Over the years the images we have shared with Flickr have been viewed millions of times, and there appear to be some clear favourites, like ‘Dog with a pipe’ which went viral, attracting more than 25,000 views.
Every month at least 20 new images are hand picked and uploaded to Flickr and this month we have kept it topical, uploading old photographs of Bonfire builders and fireworks displays.
New content is being added all the time so why not follow us on Flickr to see all our latest uploads?
Jason Evans, Digital Access
A world first
Since the National Library appointed a Wikipedian in Residence in January 2015 many interesting and exciting collaborations have occurred, and the Library is now pioneering a brand new idea – Give a Wikidata expert access to Library metadata so that they can turn it into linked up Wikidata.
The idea of a ‘Wikipedia’ Visiting Scholars is not new, and the scheme, which gives volunteer Wikipedia editors free access to Library collections, has been run by the Wikipedia Library in the United States for several years, but bringing in a Wikidata specialist to work with data sets, as a visiting scholar, is a world first.
Wikidata is a linked database that can be read and edited by both humans and machines. It contains millions of pieces of data on all sorts of subjects, which all link together to form a hive of knowledge and, like all Wiki projects any one can contribute and reuse the Wikidata for free.
A sample of the Library’s huge Geoff Charles photographic collection. Collections can easily be explored geographical using Wikidata.
Wikidata was used to create this Histropedia timeline of National Library Collections with Wikipedia articles.
The first Wikidata Visiting Scholar is Simon Cobb who recently graduated Aberystwyth University with an MA in Information and Library Studies and now works for Leeds University Library. On becoming our Wikidata Visiting Scholar Simon said;
“I will be working to add some of the National Library of Wales’ collections to Wikidata, accompanied by high quality metadata that will link individual items to associated places, people, temporal periods and much more besides. This has the potential to reveal new and interesting links between materials, both within the National Library and far beyond, and this is what I find particularly exciting about having the opportunity to work with the National Library’s datasets and Wikidata.”
Our Wikidata Visiting Scholar volunteering at a Wikidata Edit-a-thon at the National Library.

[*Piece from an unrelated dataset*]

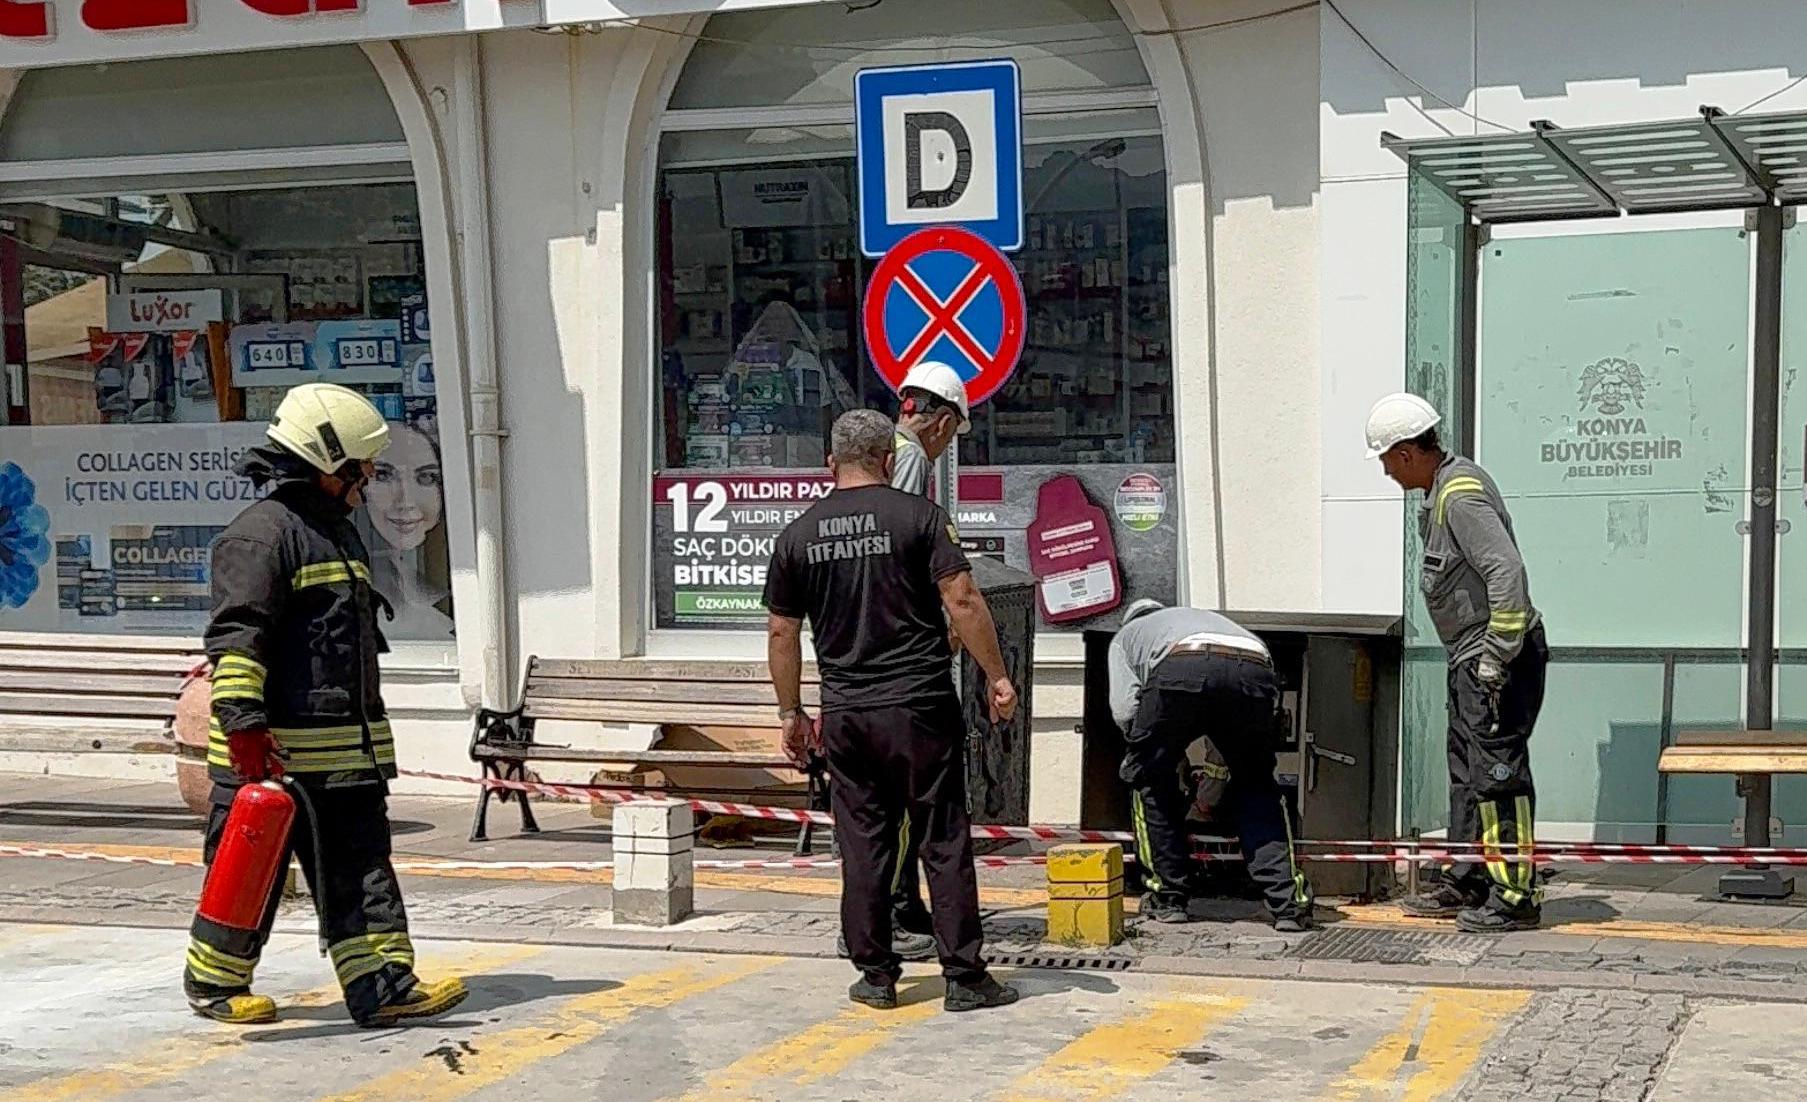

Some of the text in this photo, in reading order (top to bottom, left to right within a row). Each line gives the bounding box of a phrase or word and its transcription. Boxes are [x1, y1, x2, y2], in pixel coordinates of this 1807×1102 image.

Our Visiting Scholar’s first task is to use Metadata for 3000 images from the Welsh Landscape collection, which are available on Wikimedia Commons, to create detailed linked data. Simon will then work with the Library and volunteers in the Wikidata community to explore new ways of exploring and analysing the data and associated images.
An image from the Welsh Landscape Collection demonstrating the level of detailed linked data our volunteer is creating for each image.
Wikidata already contains over 17 million entries and is growing fast. At the same time software developers are creating increasingly innovative tools for exploring and analyzing this data. It is hoped that sharing National Library of Wales metadata openly for projects such as this, will enable and inspire the public use of our digital collections and data in many exciting and innovative ways.
This trial scheme is being supported by the Wikipedia Library, and it’s hoped that it can be used to attract other cultural institutions to run similar projects in the near future.